Hardy moved things around on his desk. Blowfish, paperweight, legal pad. Slips of paper with other notes from other days. A couple of blue jays squawked on a wire outside his window. He looked at the page he’d been studying earlier and put it next to the one he was now writing on.

Ingraham’s car had been reported stolen three days after his first call to San Quentin. “It’s a possibility,” he said.

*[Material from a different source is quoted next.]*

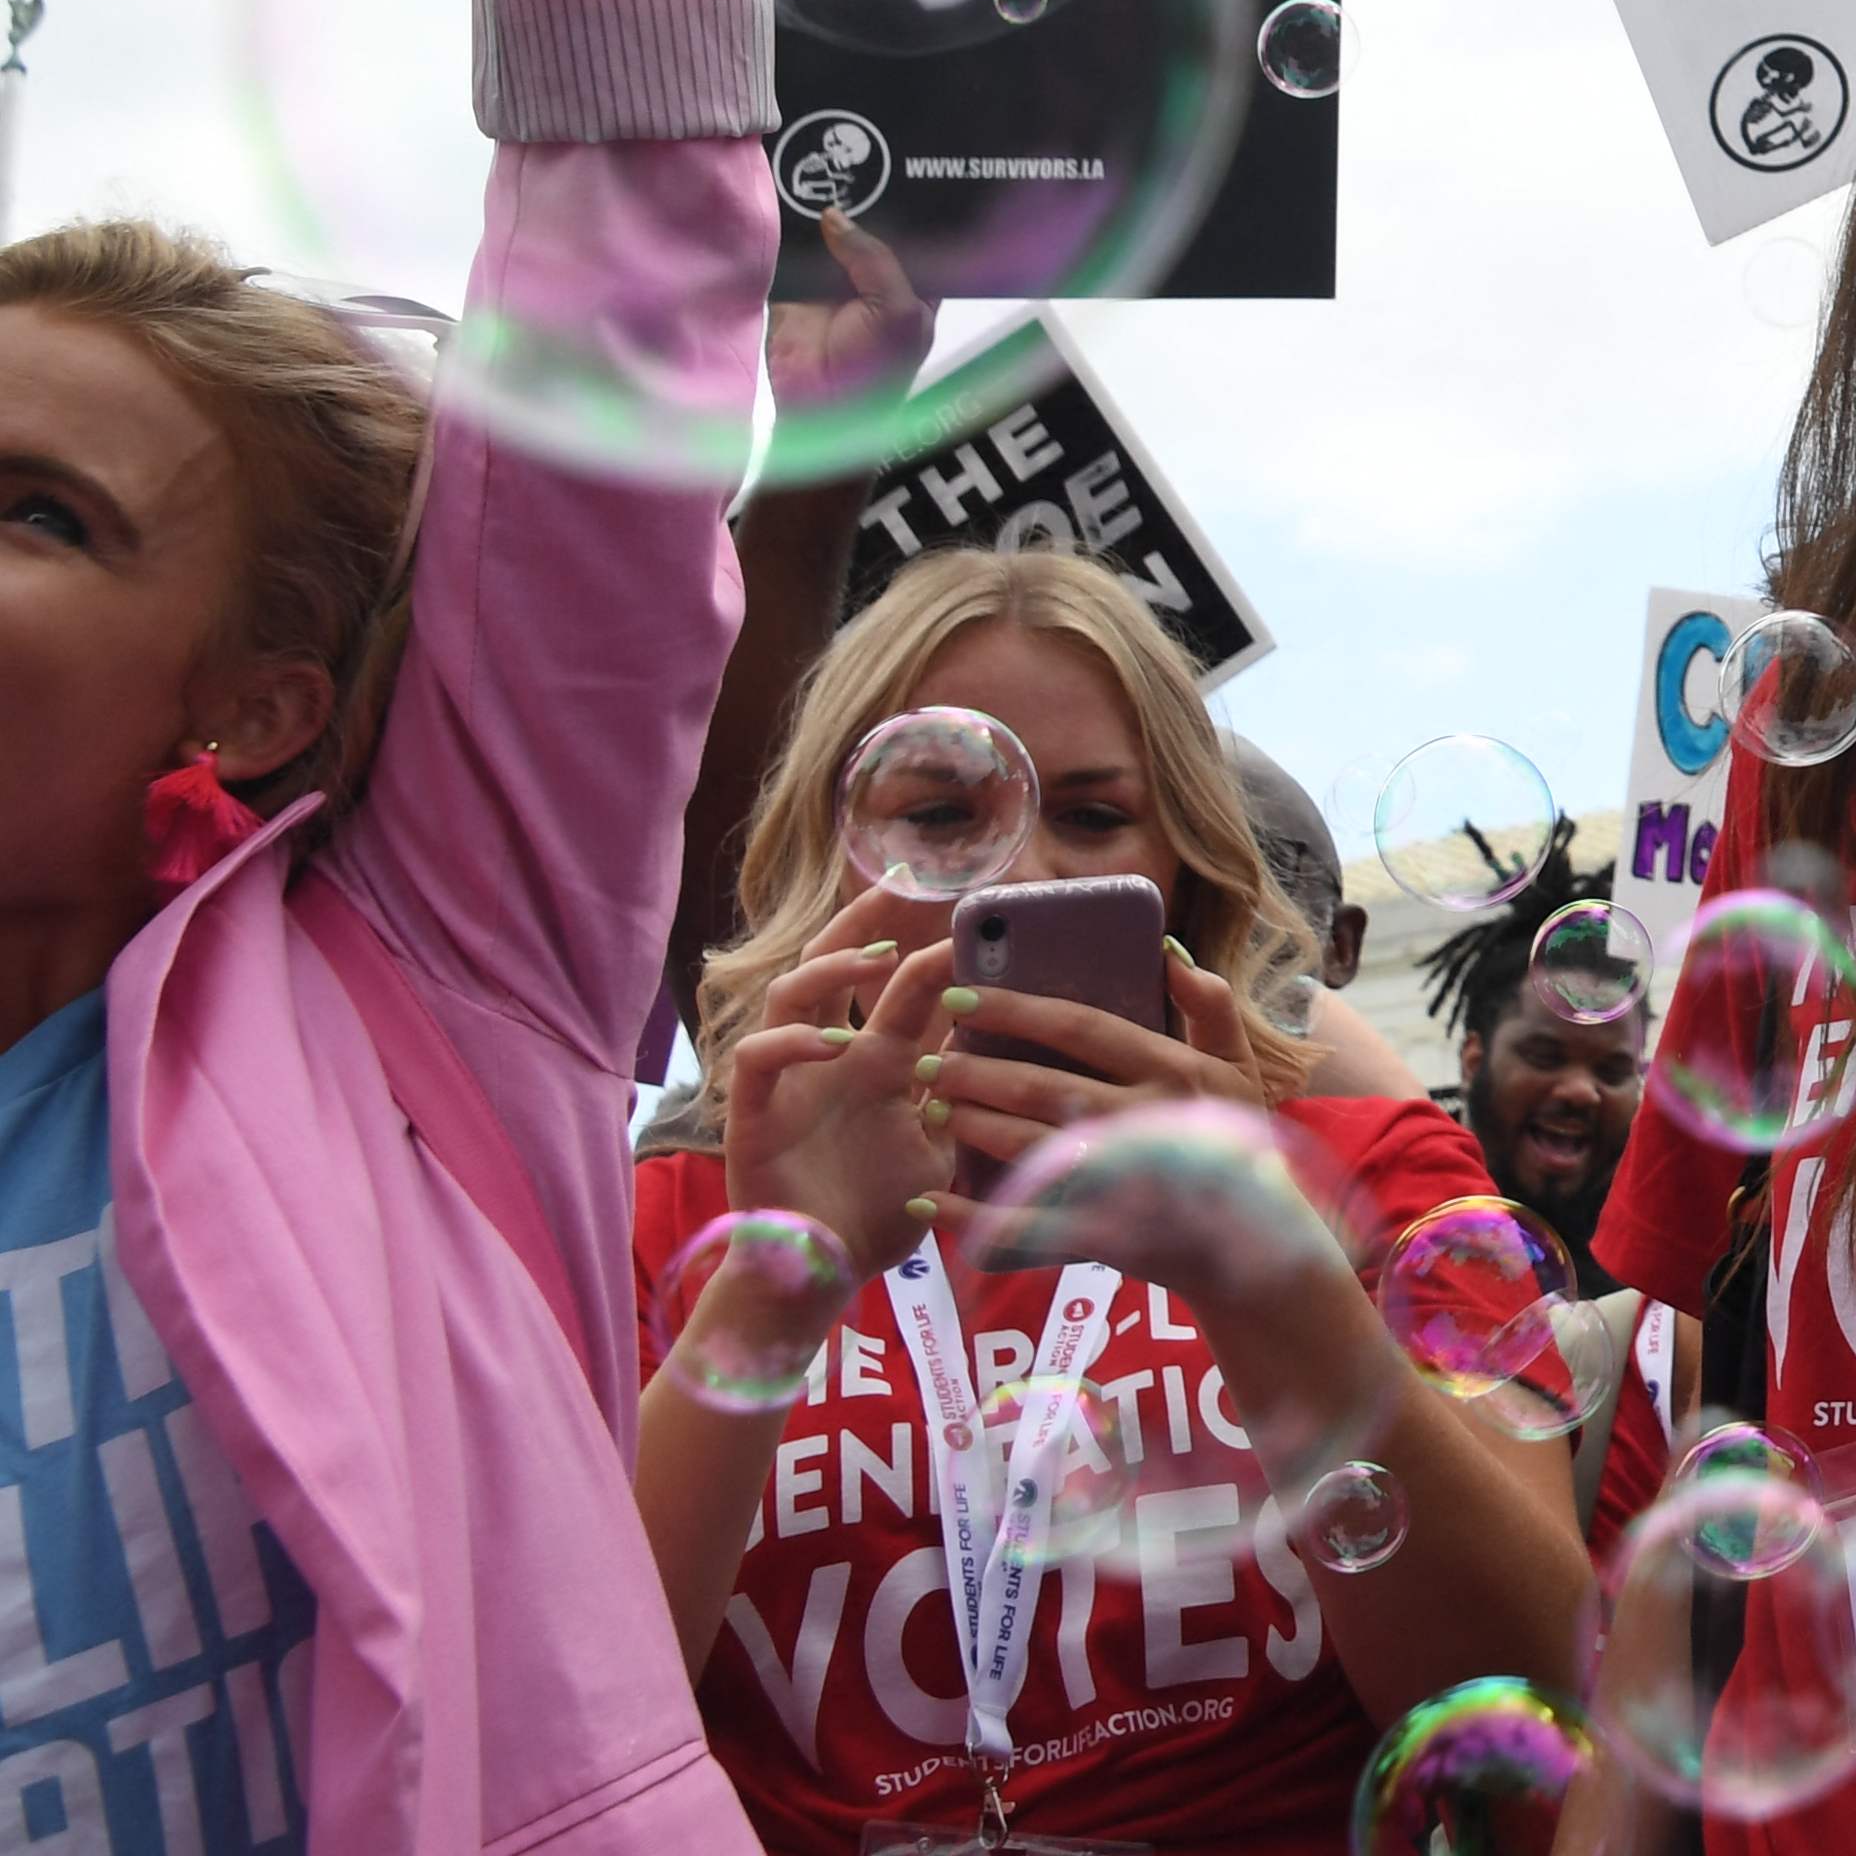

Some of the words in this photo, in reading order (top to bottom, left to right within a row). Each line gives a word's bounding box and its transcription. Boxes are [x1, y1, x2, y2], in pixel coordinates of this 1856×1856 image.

He thanked Hazenkamp and hung up. So Rusty hears from a parole-officer friend that Louis Baker is getting out of prison. About the same time, he knows he’s getting a third of an $85,000 settlement from Maxine Weir. Three days later, his car is stolen. He doesn’t rent a car against the settlement from the insurance.

Baker said Rusty picked him up and drove him to his barge the same day Rusty had so clearly for all to see taken a bus out to the Shamrock.

Hardy wondered how many cars got reported stolen that weren’t really stolen-that were ditched, hidden, trashed for any number of reasons, the most obvious of which, but certainly not the only one, being insurance. (The other reasons provided some food-hell, a whole Sunday dinner -for thought.)

The telephone, that mute uncooperative toy that had stared silently at Hardy the whole time he’d been home, now jangled shrilly, demanding attention. Hardy, a slave to it, picked it up.